CalPERS invested or committed a total of $219 million to two managers, reports for the investment committee's March 19 meeting show.
The $349.3 billion California Public Employees' Retirement System, Sacramento, invested an additional $144 million to an existing high-yield fixed-income strategy managed by Nomura Corporate Research and Asset Management. The current size of the portfolio was not available. CalPERS added $30 million to the strategy earlier this year.
The pension plan also committed $75 million to private equity fund Clearlake Capital Partners V, managed by Clearlake Capital Group, according to a report for the meeting. CalPERS has invested with Clearlake in the past, including a $56.7 million commitment to Clearlake Capital Partners IV in 2015 and a $50 million commitment to Clearlake Capital Partners III in 2012.
Separately, at its March 19 meeting, the investment committee will review a revised real assets investment policy that establishes a minimum net asset value threshold at which limits by sector and geography apply for CalPERS' forestland portfolio. Investment sector and geography concentration limits would apply to the forestland portfolio when its NAV exceeds $3 billion. By comparison, the concentration limits apply to CalPERS' infrastructure portfolio when it exceeds $5 billion. CalPERS has target allocations to forestland and infrastructure of 1% each. CalPERS had 1.1% invested in infrastructure and 0.5% invested in forestland as of Jan. 31.
The investment committee on March 19 is also expected to discuss possible revisions to its governance and sustainability principles that could include adding that companies should disclose the ratio of CEO compensation to the median annual total compensation of all other employees as companies are required to do by the Dodd-Frank Act; that companies should identify and manage material environmental risks and opportunities; and that companies should have a way of recapturing compensation paid to executives during periods when they were engaged in fraudulent activity, inadequate oversight, misconduct or gross negligence.
Separately, in response to a request by California Treasurer John Chiang, CalPERS officials identified five companies in which it is invested that either had sold assault weapons banned for sale in California or accessories that can accelerate a semi-automatic rifle's rate of fire. They are Big 5 Sporting Goods, Dick's Sporting Goods, Kroger, Walmart and Sportsman's Warehouse.
In March, Big 5 officials said they stopped selling assault weapons in 2016 and had no current inventory, has never sold accessories that increase the rate of fire and does not sell hand guns. Dick's Sporting Goods in February committed to discontinue selling assault-style rifles, any firearm to individuals under 21 years and high capacity magazines. Dick's has never sold bump stocks. Dick's Sporting Goods is also calling for regulations banning assault-style firearms, high-capacity magazines and bump stocks. The company is asking for a comprehensive database of those banned from buying firearms for universal background checks and a closure of the private gun sales and gun show loophole that waives background checks.
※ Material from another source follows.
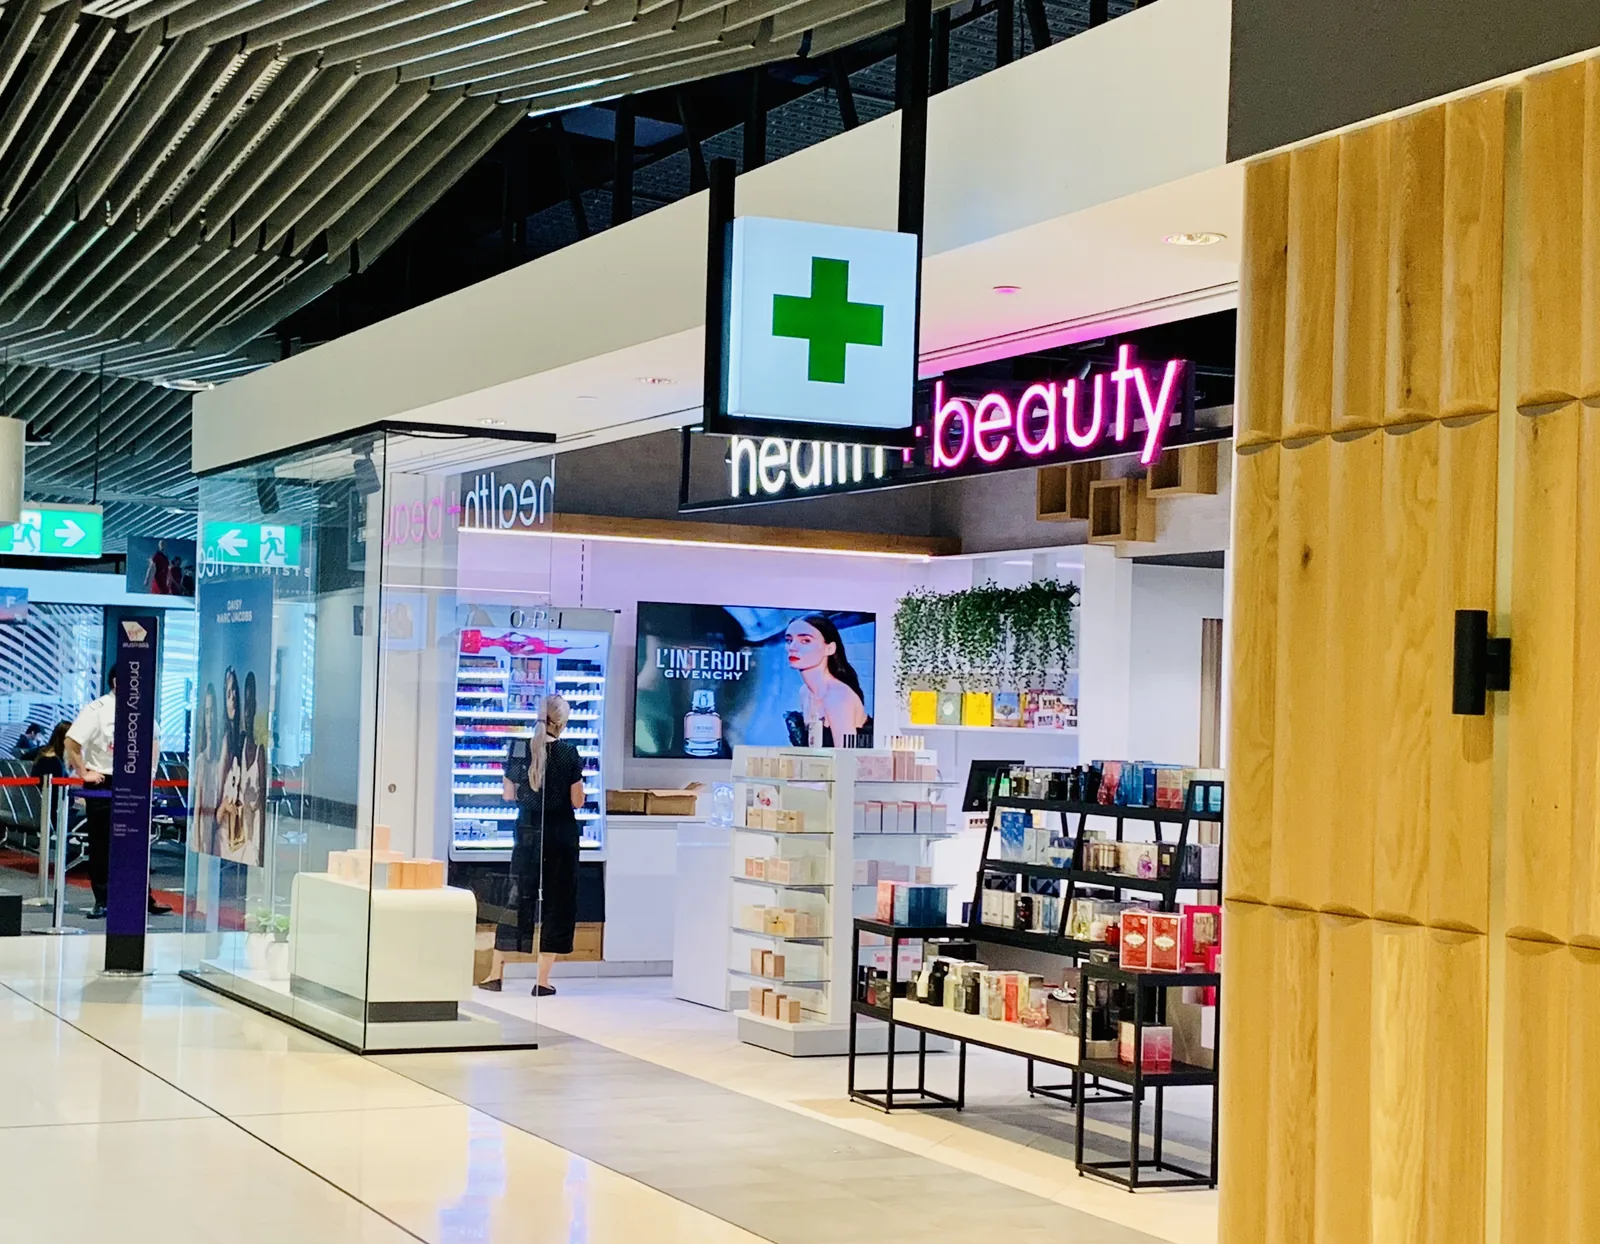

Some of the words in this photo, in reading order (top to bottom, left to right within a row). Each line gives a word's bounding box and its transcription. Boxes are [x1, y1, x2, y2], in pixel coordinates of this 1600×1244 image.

[932, 344, 1176, 467] beauty
[127, 661, 142, 710] priority
[664, 669, 743, 680] GIVENCHY
[124, 713, 141, 774] boarding
Kroger announced on March 1 that it would no longer sell assault weapons in any of its stores nor accept special orders for assault weapons and will no longer sell any firearm or ammunition in its stores to anyone younger than 21 years old. Kroger does not sell high-capacity magazines. Walmart has not sold assault weapons since 2015 and only sells handguns in Alaska. It does not sell bump stocks and as of Feb. 28 raised the minimum age to buy firearms and ammunition to 21 years old. Sportsman's Warehouse executives have agreed to discuss the matter with CalPERS officials.